ブログ?好き勝手に書けばいいじゃない!
だって、所詮は個人の日記。その辺の一個人の思考や記録をまとめたログに過ぎず、そこに高いクオリティを求めようとしたら、疲れちゃいまっせ。
もちろん、明確な目的があるならば、話は別。
お小遣い稼ぎをしたいとか、出版を目指したいとか、繋がりを作りたいとか。そんな場合は、それを見越した記事作りやブランディングをするべきでしょうし、心持ちも変わってくるはず。
でも、たとえ自分の思考を好き勝手に書き散らす「チラシの裏」であっても、それを公開している以上は、やはり読者さんの存在は意識せざるを得ないもの。いや、ある程度は意識しなければいけないと思う。

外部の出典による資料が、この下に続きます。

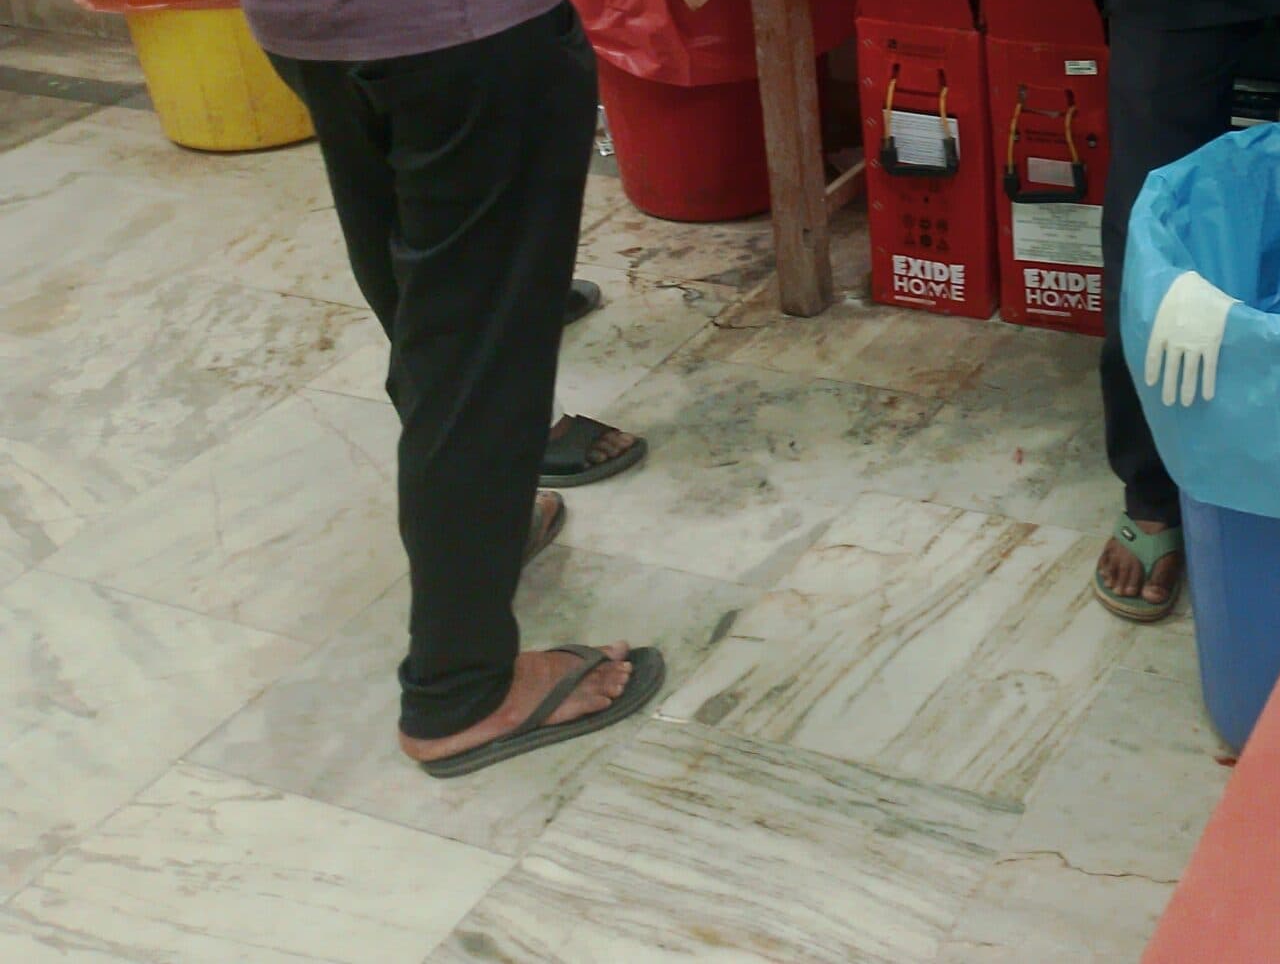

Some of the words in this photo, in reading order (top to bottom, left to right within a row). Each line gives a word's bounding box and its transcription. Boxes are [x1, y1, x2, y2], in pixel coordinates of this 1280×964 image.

[893, 254, 965, 284] EXIDE
[1023, 268, 1101, 294] EXIDE
[894, 274, 965, 302] HOME
[1025, 288, 1102, 312] HOME

他者(特に個人)を強く否定したり、誰かを傷つけることが想像される内容の記事は公開するべきではないし、誹謗中傷なんて、もってのほか。
そして何より、せっかく読者になってもらえているのだから、読むことで、何か得るものがあるような記事を提供したい。
未知の情報としての「役に立つ」話だったり、そういう考えもあるのか!という「気づき」だったり、おもしろい・笑える・共感といった「読後感」だったり。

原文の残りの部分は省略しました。